В кругу этой дружной семьи чувствую себя так, словно знаком с ними сто лет, и я с удовольствием пообщался бы еще, но Никита Сергеевич строг:
– Так, а кто за вас работать будет, бездельники? Езжайте-ка все на работу!
И, дав нам всем проститься, шустро утаскивает меня в сад.
– …А это у меня липецкая белая картошка, – Хрущев с гордостью указывает на зеленые кусты на грядке. – Вкуснее, чем красная. Красная у меня вот там посажена…
Я смотрю направо, куда теперь машет рукой Никита. Никакой разницы в кустах я заметить не могу. Вроде листья потолще и помясистее? Ну, впрочем, я не агроном и даже не ботаник.

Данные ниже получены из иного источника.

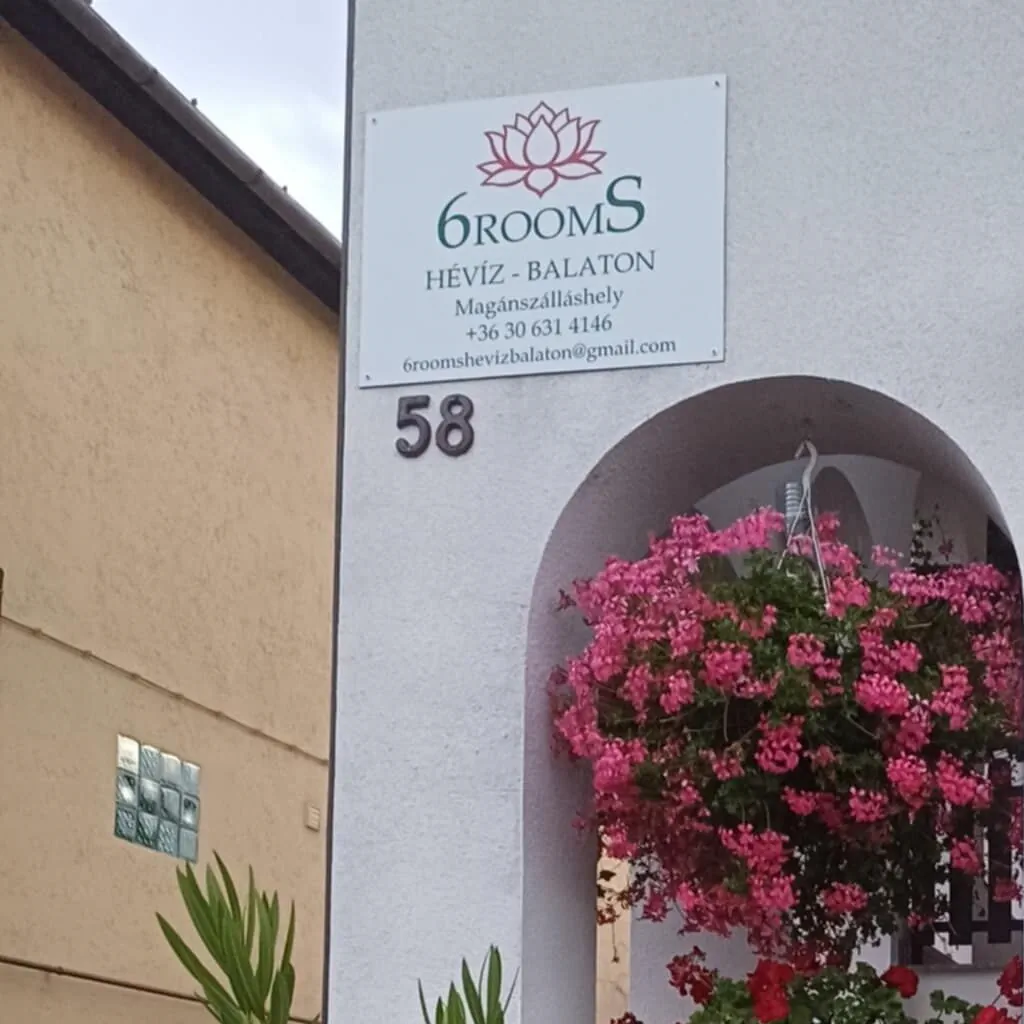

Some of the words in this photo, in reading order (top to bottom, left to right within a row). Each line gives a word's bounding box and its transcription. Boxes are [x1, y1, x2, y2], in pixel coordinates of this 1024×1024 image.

[425, 262, 505, 290] HÉVÍZ
[527, 250, 656, 282] BALATON
[455, 287, 624, 319] Magánszálláshely
[466, 324, 499, 342] +36
[504, 321, 526, 339] 30
[531, 319, 562, 337] 631
[568, 315, 612, 334] 4146
[395, 393, 475, 458] 58

Мы идем по дорожкам между грядками с укропом и тыквами, первый секретарь ЦК КПСС с энтузиазмом, достойным лучшего применения, вводит меня в курс своих огородных успехов и опытов. Никита не на шутку увлечен сельским хозяйством, раз даже у себя, на государственной даче, разбил большой замечательный огород. Парники, высокие грядки, капельный полив и… сразу несколько садовников, которые вдалеке копошатся в междурядьях – то ли что-то уже собирают, то ли просто землю перекапывают. Вдалеке, у самого забора, вижу подсолнухи и, конечно, кукурузу. Ее желтые початки торчат по всем огороду. Нет, не зря ему в народе кличку дали Кукурузник, а интеллигенция не отстает от простого народа в язвительных насмешках: «Великий Кукурузо!»
– А там я мечтаю гидропонную теплицу построить, да все руки никак не доходят. Ты, поди, и не знаешь, что такое гидропоника? Это, брат, такая замечательная штука…

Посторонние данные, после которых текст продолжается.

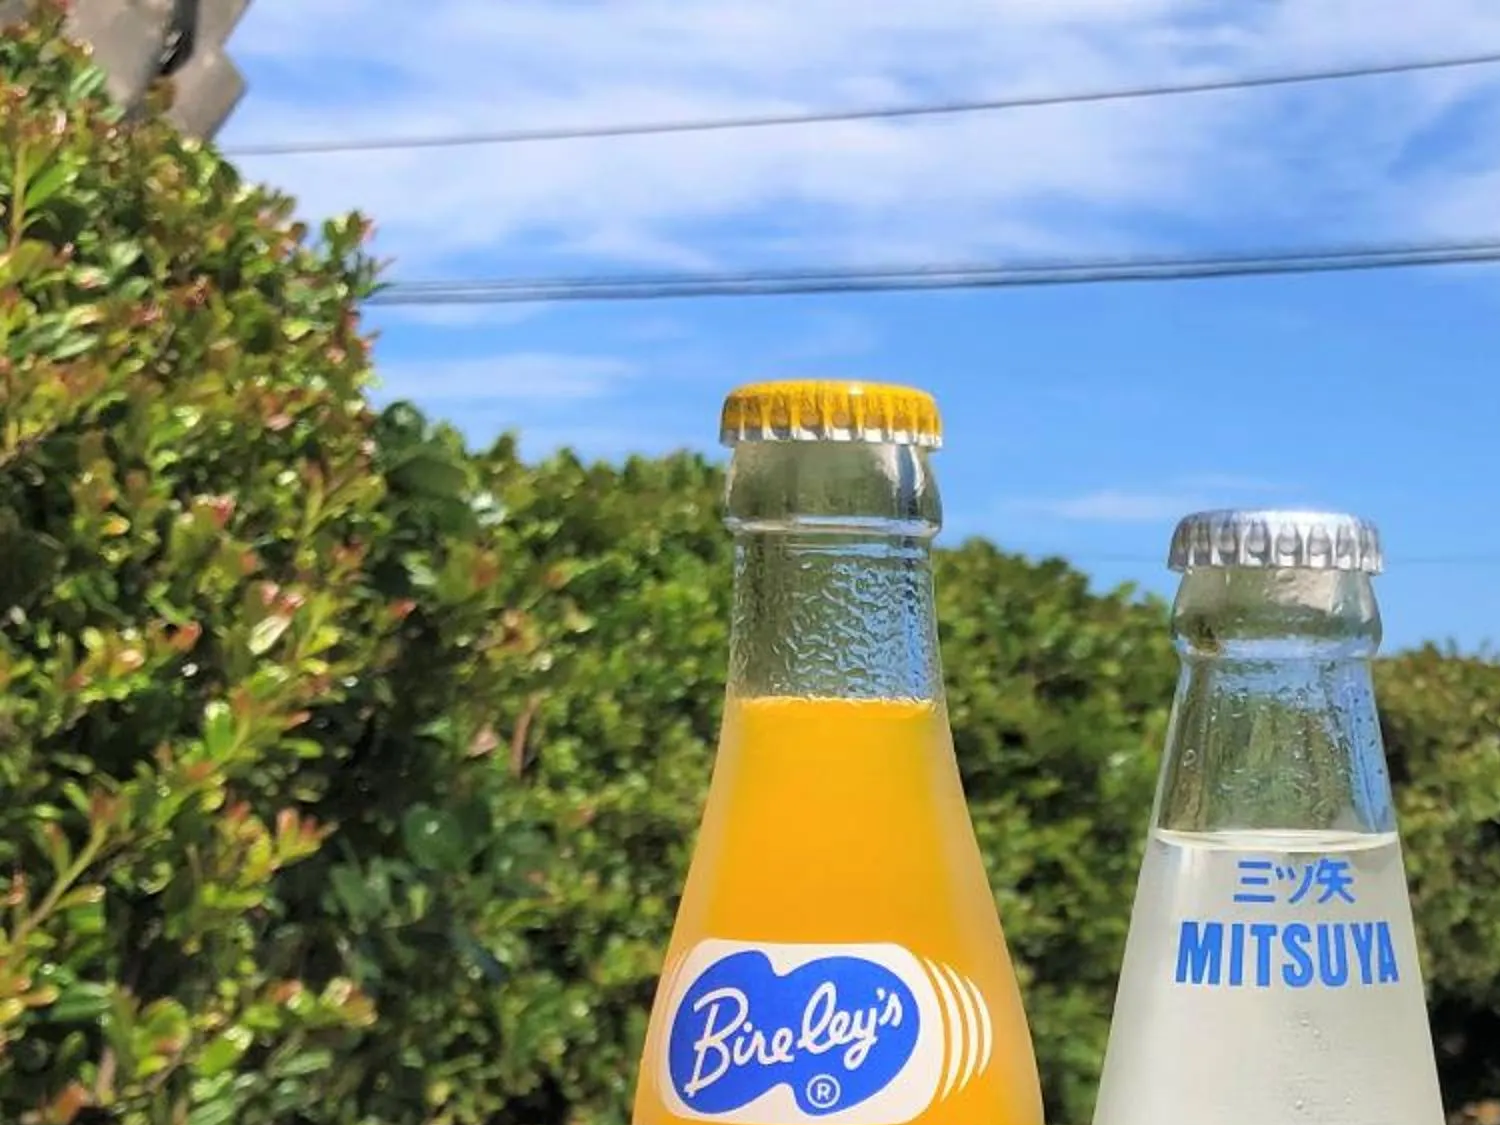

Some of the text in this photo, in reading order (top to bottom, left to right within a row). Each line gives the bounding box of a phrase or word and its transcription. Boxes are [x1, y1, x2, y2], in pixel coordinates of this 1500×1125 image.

И вот как в этой натуре уживаются матерый партократ с простодушным, увлеченным «колхозником»?
Мы свернули в плодовый сад и теперь шли по его дорожкам. Погода пела. Солнце уже начало припекать, и, хотя полуденная жара еще не настала, в тени раскидистых деревьев гулять было намного приятней.
– Алексей, ты же мне жизнь спас. – Хрущев внимательно посмотрел на меня. – Проси что хочешь.
«Тебе дам власть над всеми сими царствами и славу их, ибо она предана мне, и я, кому хочу, даю ее; итак, если Ты поклонишься мне, то все будет Твое» – Евангелие от Луки. Я легко «кольнул» память. Да, точно, глава четвертая.
– Я хочу одного – сказать вам правду, Никита Сергеевич. В лицо. И прошу выслушать меня без обид, спокойно.
– Обещаю!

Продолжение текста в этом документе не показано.